Physical characteristics
- Source: Witchekan Lake
- • location: RM of Spiritwood No. 496
- • coordinates: 53°29′46″N 107°34′58″W﻿ / ﻿53.4962°N 107.5827°W
- • elevation: 580 m (1,900 ft)
- Mouth: Cowan Lake
- • location: RM of Big River No. 555
- • coordinates: 53°50′00″N 107°02′02″W﻿ / ﻿53.8334°N 107.0339°W
- • elevation: 483 m (1,585 ft)

Basin features
- River system: Beaver River drainage basin

= Big River (Saskatchewan) =

River in Saskatchewan, Canada

Big River is a river in the west-central part of the Canadian province of Saskatchewan in the boreal forest ecozone of Canada.

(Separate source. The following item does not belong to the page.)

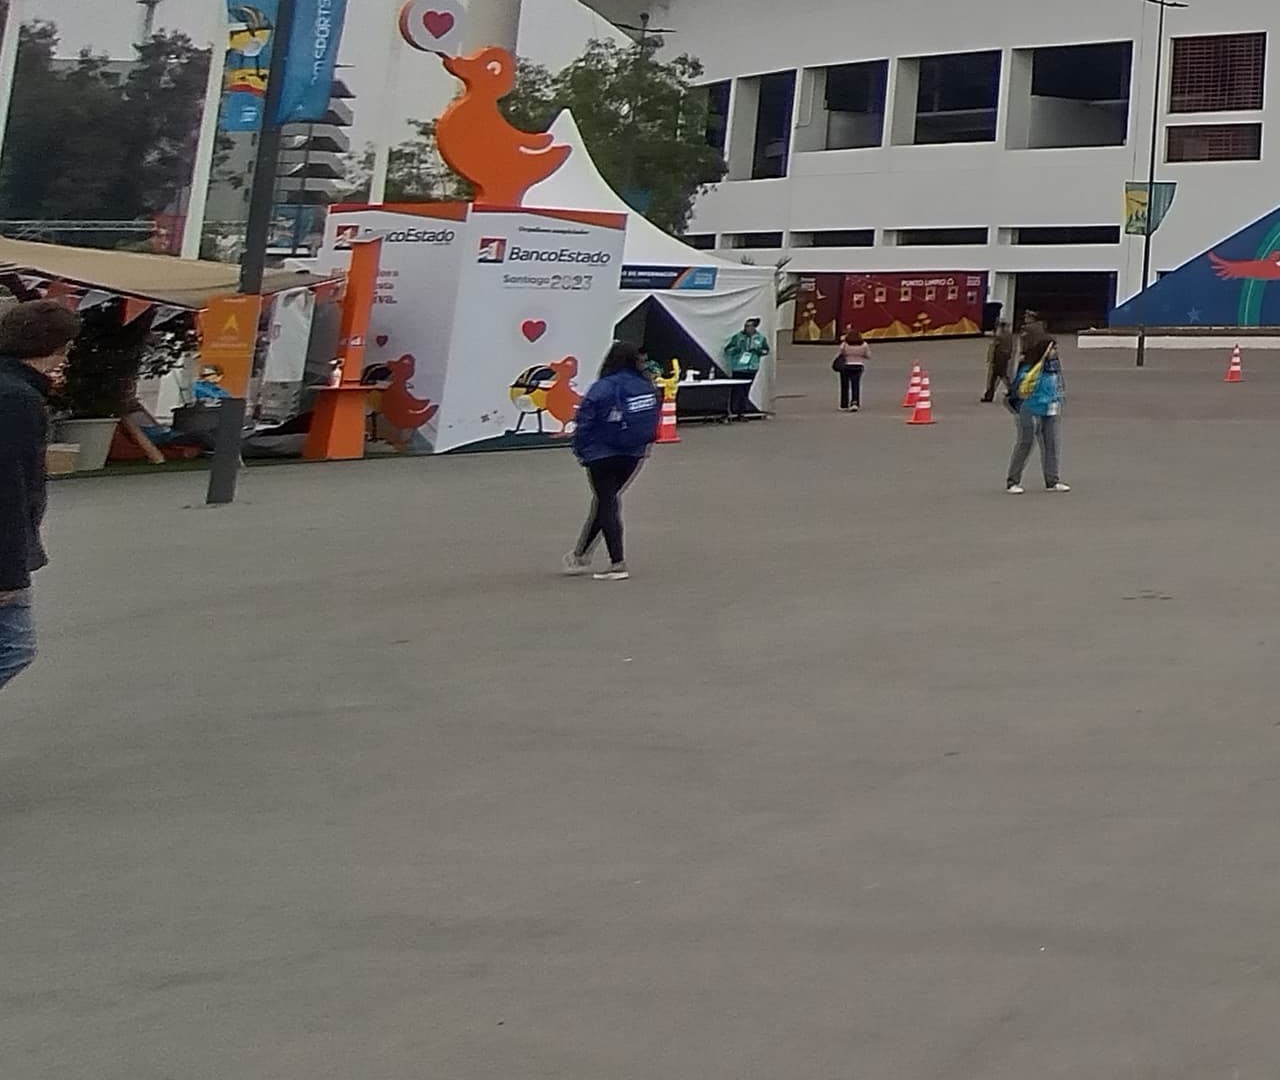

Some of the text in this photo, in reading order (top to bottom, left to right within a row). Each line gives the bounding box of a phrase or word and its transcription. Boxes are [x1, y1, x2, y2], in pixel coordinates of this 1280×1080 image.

[508, 247, 611, 263] BancoEstado
[503, 274, 593, 290] Santiago 2023

The river begins at Witchekan Lake in the RM of Spiritwood No. 496 and heads in a north-easterly direction before emptying into Cowan Lake at the town of Big River. Cowan Lake is the source for Cowan River, which is a major tributary of Beaver River. Beaver River then flows into Lac Île-à-la-Crosse and the Churchill River.

== Course ==
Big River's source, Witchekan Lake and its tributaries, are the southernmost point in the Churchill River's watershed. The lake's notable tributaries include Shuwapss Creek, Norbury Creek, and Idylwild Creek. The town of Spiritwood is at the southern end of the lake and the Witchekan Lake Indian Reserve covers much of the western shore. Big River exits Witchekan Lake at the northern end and heads in an easterly direction crossing Highway 24 then travels in a deep-cut valley through the Leoville Hills before emptying into Keg Lake. Highway 793 follows the river's course through much of the Leoville Hills. From Keg Lake, the landscape flattens out and Big River carries on north into the southern end of Cowan Lake at the town of Big River. Highway 55 follows the river from about Keg Lake to Cowan Lake.